Page 19
Story: The Orc’s Rage
19
Kargorr
T he parog was settling in to their new home rather nicely. He had sent off eight scouts, one in every direction, to map out the closest human settlements. They would go farther if they could, marking on leather with charcoal where they had gone and the landmarks they’d found along the way.
Just as important, though, was his selection for the small delegation he would send to the closest parog to start the process of diplomacy . He didn’t want to go away himself for so long and leave his own people without a leader at such a pivotal moment, so he thought carefully about who he would send in his stead.

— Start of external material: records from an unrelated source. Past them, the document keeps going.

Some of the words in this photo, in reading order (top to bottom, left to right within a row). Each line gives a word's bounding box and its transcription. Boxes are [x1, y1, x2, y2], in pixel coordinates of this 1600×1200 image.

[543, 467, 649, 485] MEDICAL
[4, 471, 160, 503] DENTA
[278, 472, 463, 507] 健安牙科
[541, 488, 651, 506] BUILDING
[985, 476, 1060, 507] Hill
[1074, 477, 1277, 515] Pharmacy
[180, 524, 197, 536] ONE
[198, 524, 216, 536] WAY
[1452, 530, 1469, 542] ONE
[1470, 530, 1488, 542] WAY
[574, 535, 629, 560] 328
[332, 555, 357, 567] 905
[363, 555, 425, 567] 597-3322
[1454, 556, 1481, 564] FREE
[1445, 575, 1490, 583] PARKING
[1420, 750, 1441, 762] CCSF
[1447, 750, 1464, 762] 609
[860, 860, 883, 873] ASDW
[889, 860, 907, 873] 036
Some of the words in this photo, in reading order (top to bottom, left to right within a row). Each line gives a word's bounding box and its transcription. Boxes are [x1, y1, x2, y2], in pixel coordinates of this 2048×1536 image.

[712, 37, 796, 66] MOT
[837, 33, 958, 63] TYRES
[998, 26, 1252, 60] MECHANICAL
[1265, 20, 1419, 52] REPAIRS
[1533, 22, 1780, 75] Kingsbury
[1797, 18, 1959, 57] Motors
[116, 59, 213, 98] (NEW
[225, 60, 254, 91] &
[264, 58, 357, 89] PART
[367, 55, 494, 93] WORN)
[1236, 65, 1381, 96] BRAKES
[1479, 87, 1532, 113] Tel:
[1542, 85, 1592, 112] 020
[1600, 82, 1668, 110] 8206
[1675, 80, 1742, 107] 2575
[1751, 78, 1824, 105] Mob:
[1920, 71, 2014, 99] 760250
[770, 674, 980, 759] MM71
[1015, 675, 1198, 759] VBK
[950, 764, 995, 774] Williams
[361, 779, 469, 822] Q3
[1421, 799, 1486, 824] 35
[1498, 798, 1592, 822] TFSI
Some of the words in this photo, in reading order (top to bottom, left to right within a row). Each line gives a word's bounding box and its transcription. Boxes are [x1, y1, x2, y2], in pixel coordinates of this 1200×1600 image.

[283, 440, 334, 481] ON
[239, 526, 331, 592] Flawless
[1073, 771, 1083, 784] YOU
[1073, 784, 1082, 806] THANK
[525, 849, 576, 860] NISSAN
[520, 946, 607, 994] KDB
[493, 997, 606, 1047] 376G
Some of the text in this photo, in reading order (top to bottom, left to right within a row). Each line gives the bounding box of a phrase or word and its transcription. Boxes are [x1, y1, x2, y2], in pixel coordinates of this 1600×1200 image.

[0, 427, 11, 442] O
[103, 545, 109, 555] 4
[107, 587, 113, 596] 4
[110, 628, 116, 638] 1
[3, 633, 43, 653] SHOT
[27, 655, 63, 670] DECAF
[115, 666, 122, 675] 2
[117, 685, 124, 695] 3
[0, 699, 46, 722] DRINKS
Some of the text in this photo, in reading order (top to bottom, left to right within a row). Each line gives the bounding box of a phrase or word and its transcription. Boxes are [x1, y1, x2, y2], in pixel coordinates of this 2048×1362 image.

Eventually he settled on Orgha, who would represent him well, along with one of his esteemed warriors, a half-orc who could match—and even surpass—a full orc with his skill in battle. If their envoy was challenged, Samrak would be a fair fight for anyone put forward.
A week after the raid, Kargorr gathered together a wagon full of goods, and even some gifts of iron and steel on top, with the promise of more in the future. It would be a long journey back into the snowy tundra for Orgha and Samrak, right into the mouth of another parog ’s territory. He hoped Cedar wouldn’t bear the brunt of Rathka’s strained bond while Orgha was away. It was difficult, Kargorr had heard, to be separated. But Orgha was his best choice for the effort, and Rathka would not be allowed to go with him while she had duties here to attend.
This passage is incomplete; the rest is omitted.